[Spatial localization data]
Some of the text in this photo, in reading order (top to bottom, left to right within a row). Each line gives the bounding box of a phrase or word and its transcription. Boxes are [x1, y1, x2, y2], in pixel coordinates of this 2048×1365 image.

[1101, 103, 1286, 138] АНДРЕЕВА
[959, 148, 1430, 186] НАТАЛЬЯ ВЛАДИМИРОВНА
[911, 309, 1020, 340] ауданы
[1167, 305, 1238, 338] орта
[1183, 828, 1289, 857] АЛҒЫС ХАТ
...
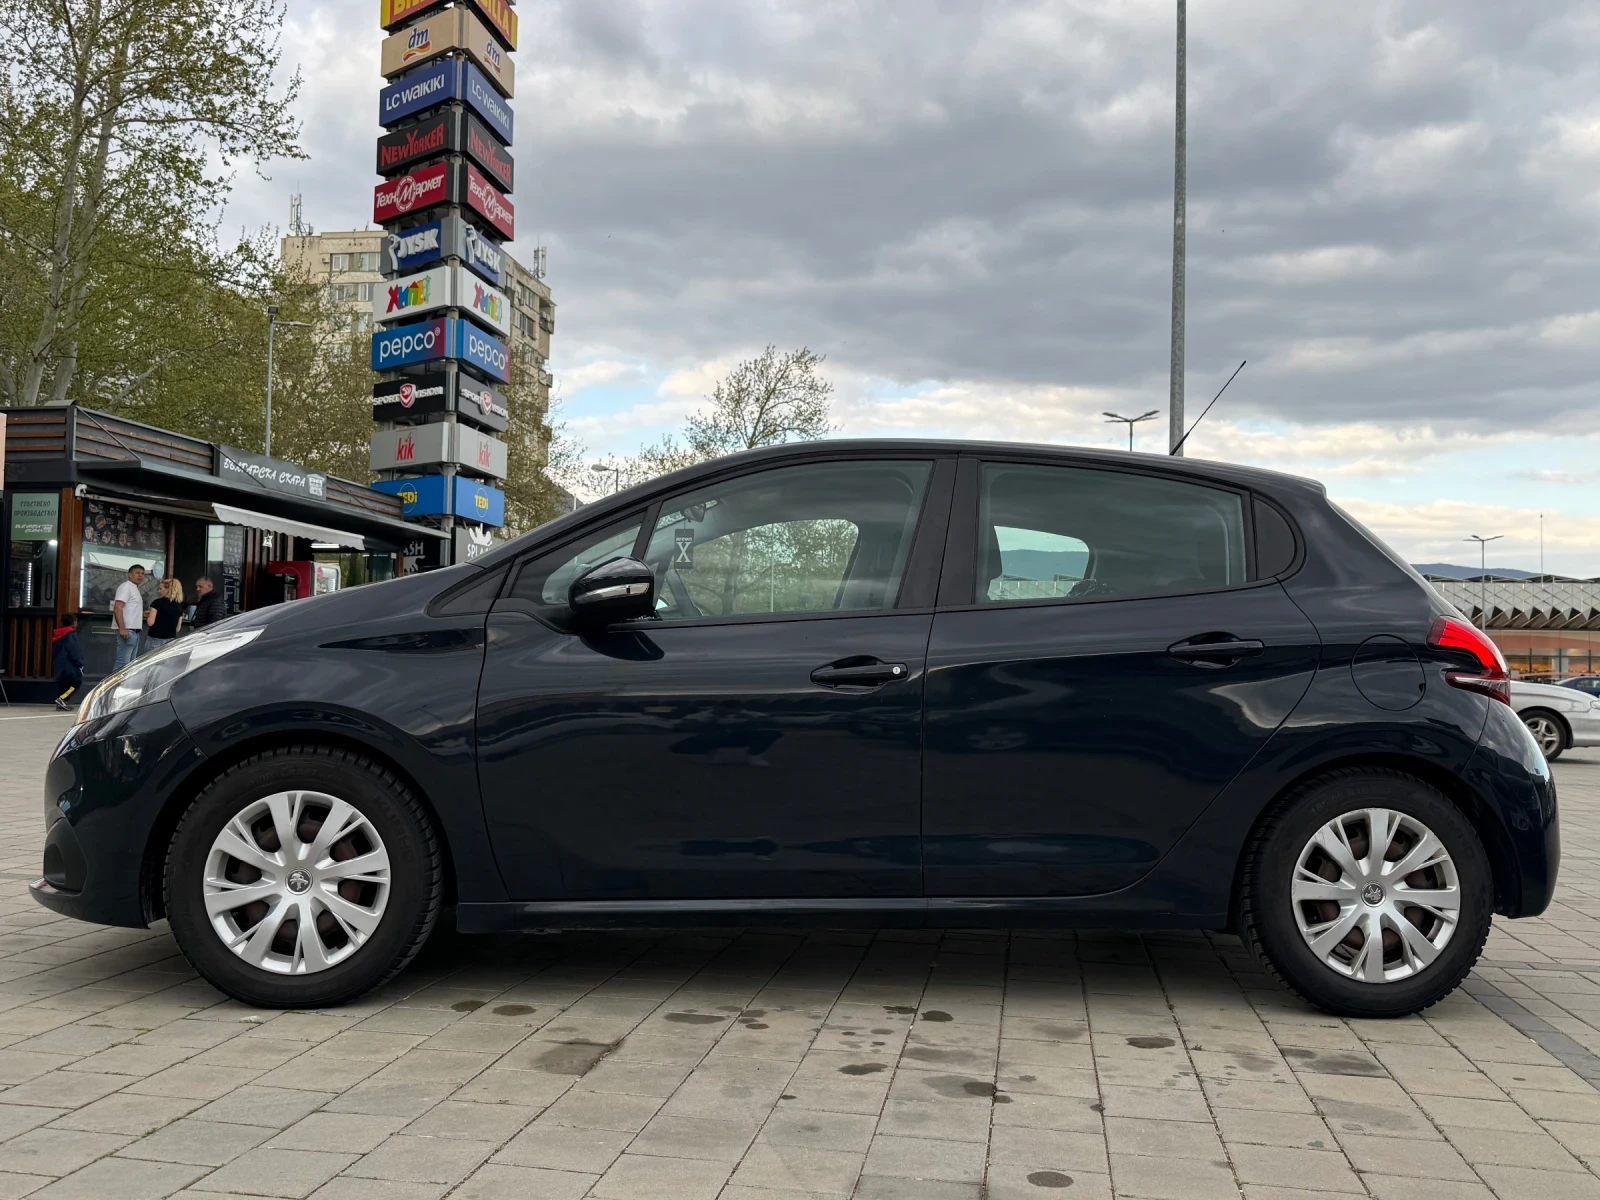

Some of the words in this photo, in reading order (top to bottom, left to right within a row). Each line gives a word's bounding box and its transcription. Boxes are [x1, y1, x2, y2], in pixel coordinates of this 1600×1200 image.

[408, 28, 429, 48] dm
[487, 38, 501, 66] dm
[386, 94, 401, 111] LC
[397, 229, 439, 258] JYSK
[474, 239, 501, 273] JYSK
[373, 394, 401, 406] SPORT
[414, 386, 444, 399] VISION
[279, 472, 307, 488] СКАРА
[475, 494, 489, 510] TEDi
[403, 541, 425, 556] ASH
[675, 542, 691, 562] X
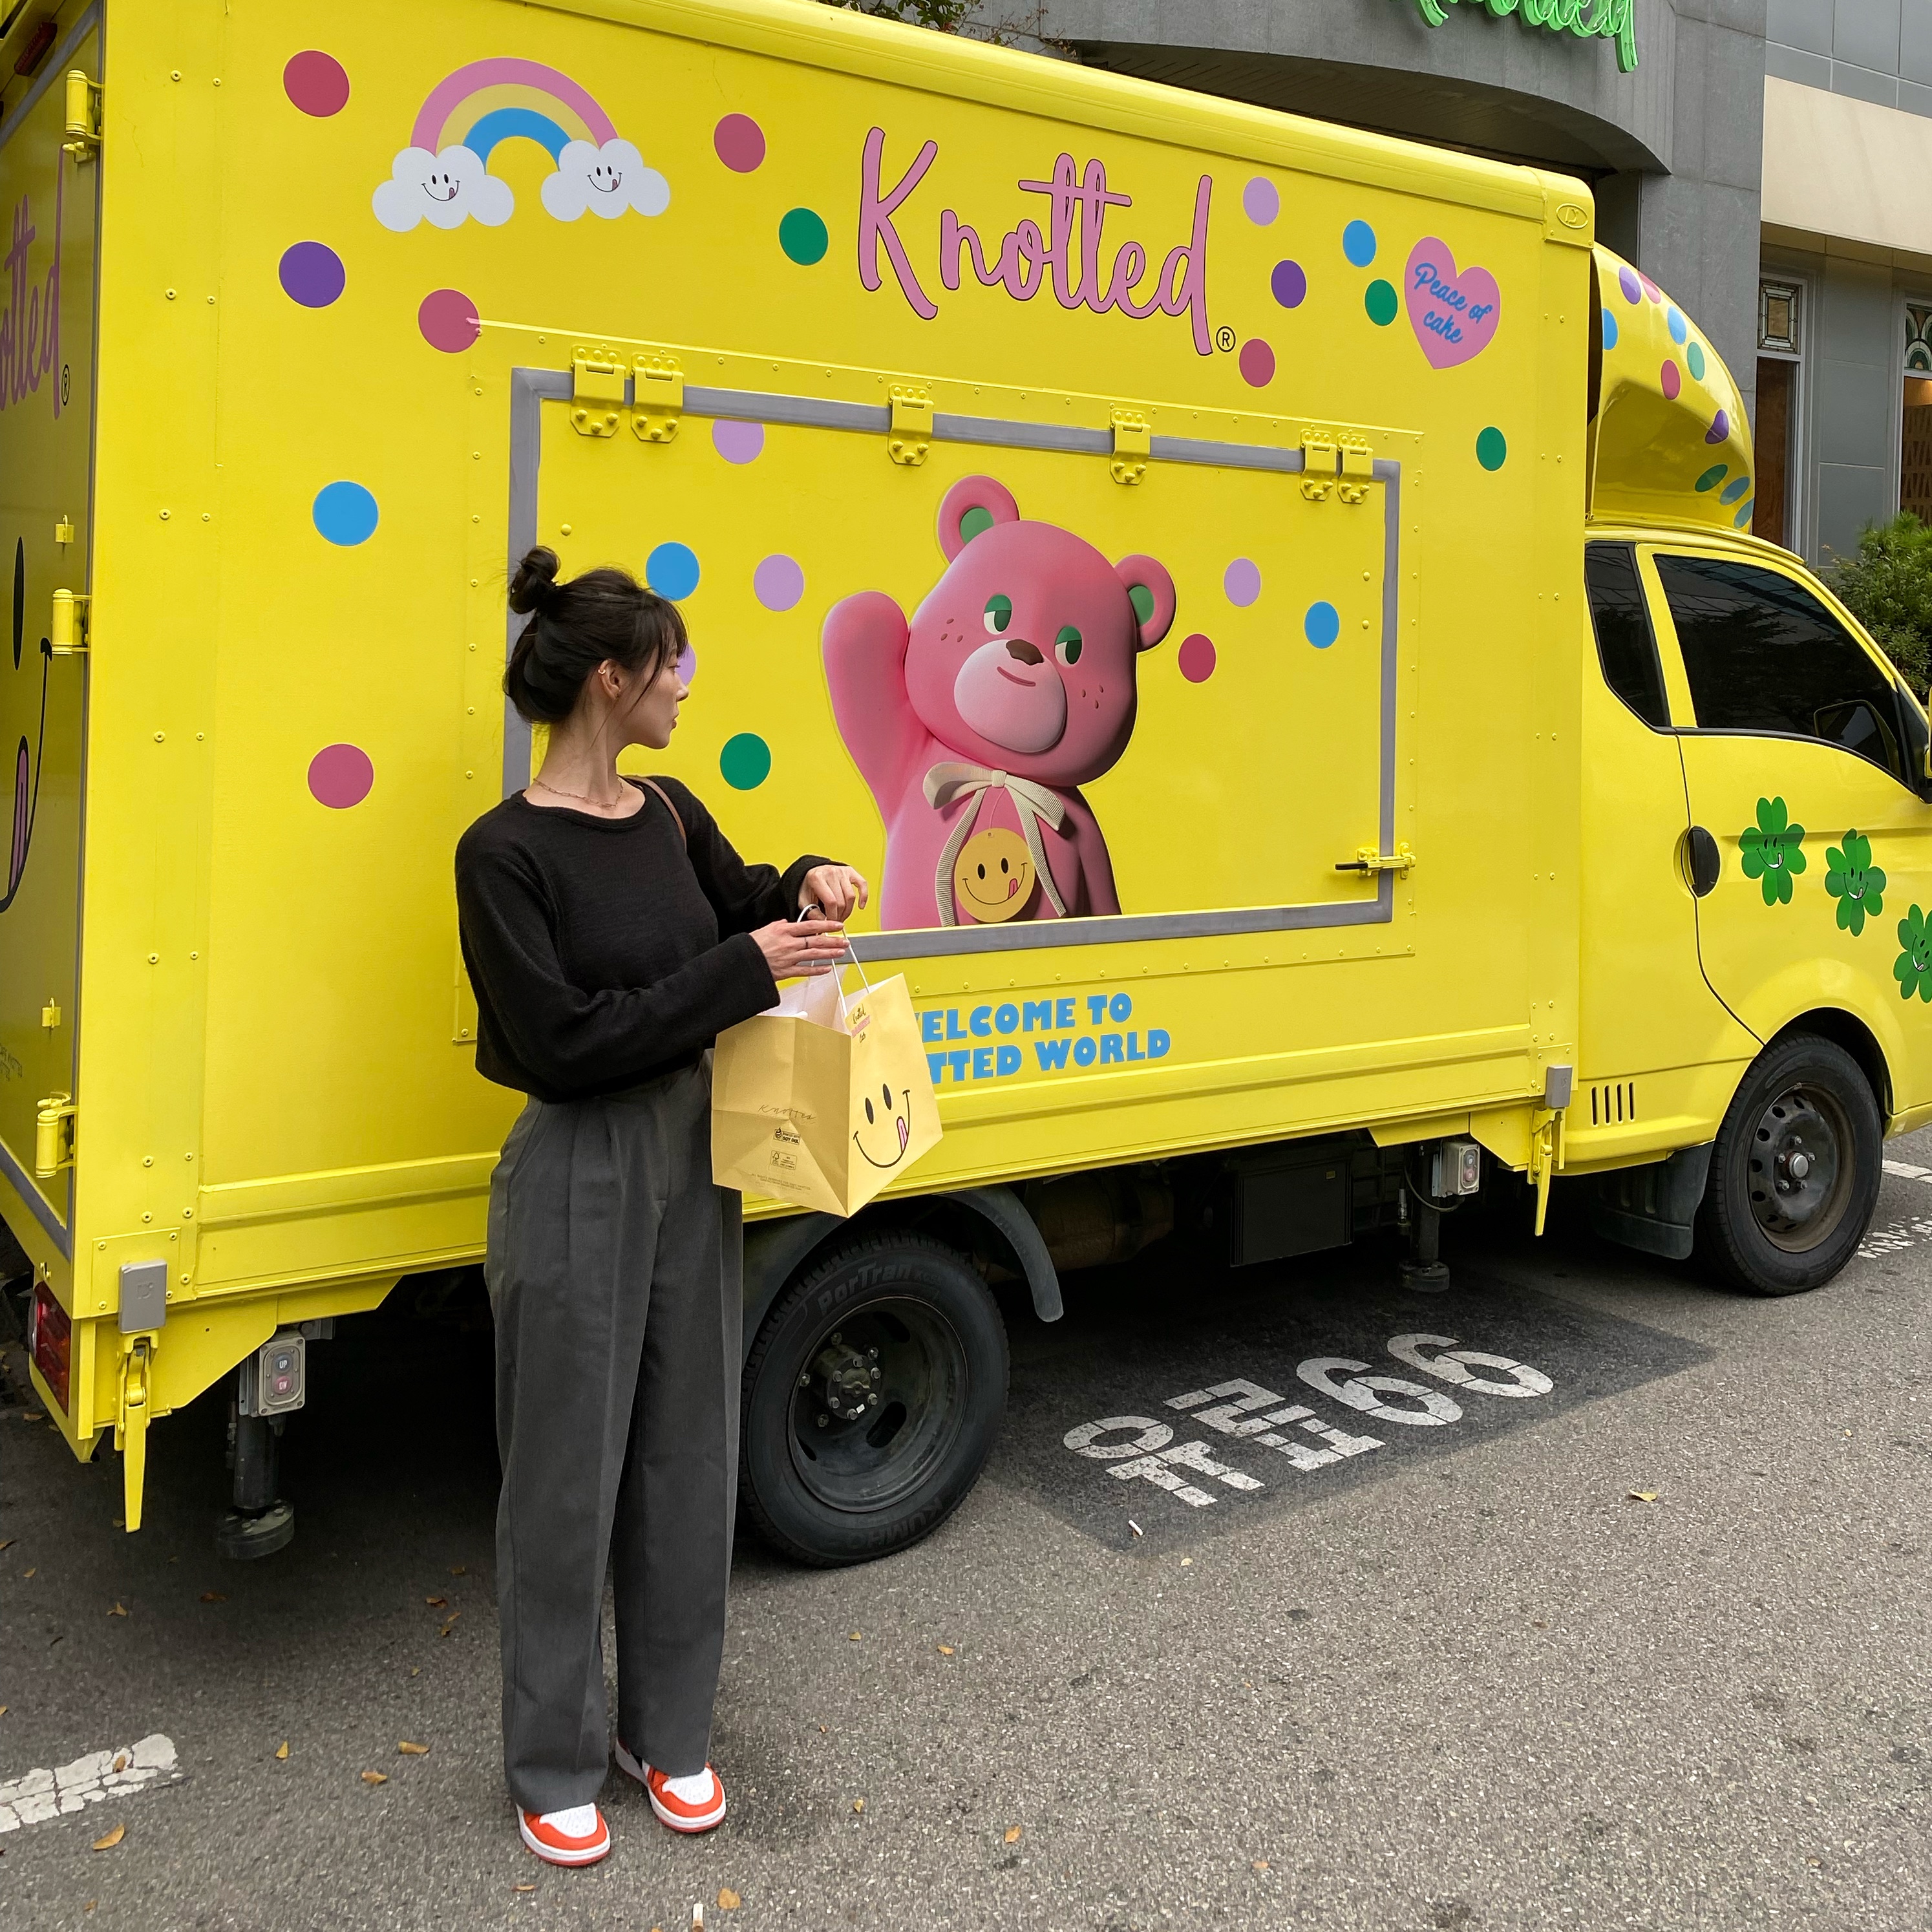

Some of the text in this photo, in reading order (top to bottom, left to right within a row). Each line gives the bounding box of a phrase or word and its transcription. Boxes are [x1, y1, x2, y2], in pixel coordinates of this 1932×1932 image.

* Task brief *
With the pictures omitted, print the lines above exactly, beginning at the line with "Some of the words" and going on through the line with "this 1932×1932 image.".

* Solved exercise *
Some of the words in this photo, in reading order (top to bottom, left to right within a row). Each line gives a word's bounding box and its transcription. Boxes are [x1, y1, x2, y2], in pixel coordinates of this 1600×1200 image.

[408, 28, 429, 48] dm
[487, 38, 501, 66] dm
[386, 94, 401, 111] LC
[397, 229, 439, 258] JYSK
[474, 239, 501, 273] JYSK
[373, 394, 401, 406] SPORT
[414, 386, 444, 399] VISION
[279, 472, 307, 488] СКАРА
[475, 494, 489, 510] TEDi
[403, 541, 425, 556] ASH
[675, 542, 691, 562] X

Some of the text in this photo, in reading order (top to bottom, left to right within a row). Each line gives the bounding box of a phrase or word and its transcription. Boxes are [x1, y1, x2, y2], in pixel coordinates of this 1932×1932 image.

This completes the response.